[Provided data — start]

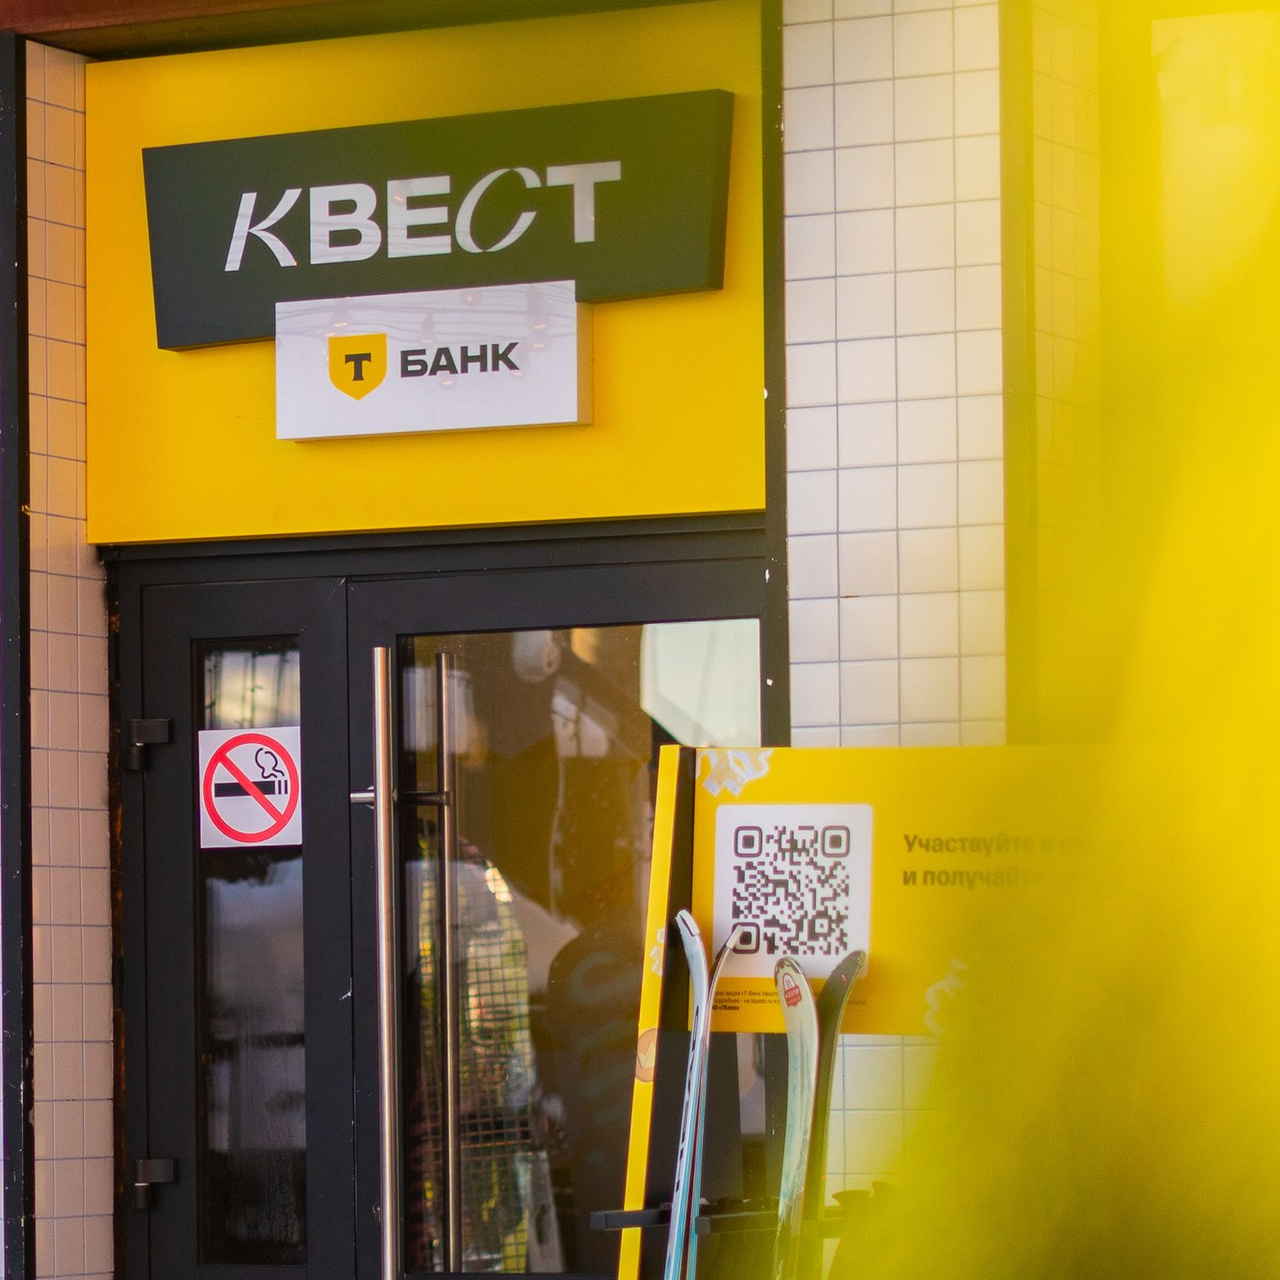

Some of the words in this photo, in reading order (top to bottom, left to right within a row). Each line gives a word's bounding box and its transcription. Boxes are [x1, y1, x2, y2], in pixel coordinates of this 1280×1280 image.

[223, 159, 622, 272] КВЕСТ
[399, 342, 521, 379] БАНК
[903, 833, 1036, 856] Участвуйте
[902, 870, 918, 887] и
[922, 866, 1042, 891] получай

[Provided data — finish]

= Goal of the exercise =
Leaving the pictures aside, transcribe the entire listing exactly.

= Task result =
Some of the words in this photo, in reading order (top to bottom, left to right within a row). Each line gives a word's bounding box and its transcription. Boxes are [x1, y1, x2, y2], in pixel coordinates of this 1280×1280 image.

[223, 159, 622, 272] КВЕСТ
[399, 342, 521, 379] БАНК
[903, 833, 1036, 856] Участвуйте
[902, 870, 918, 887] и
[922, 866, 1042, 891] получай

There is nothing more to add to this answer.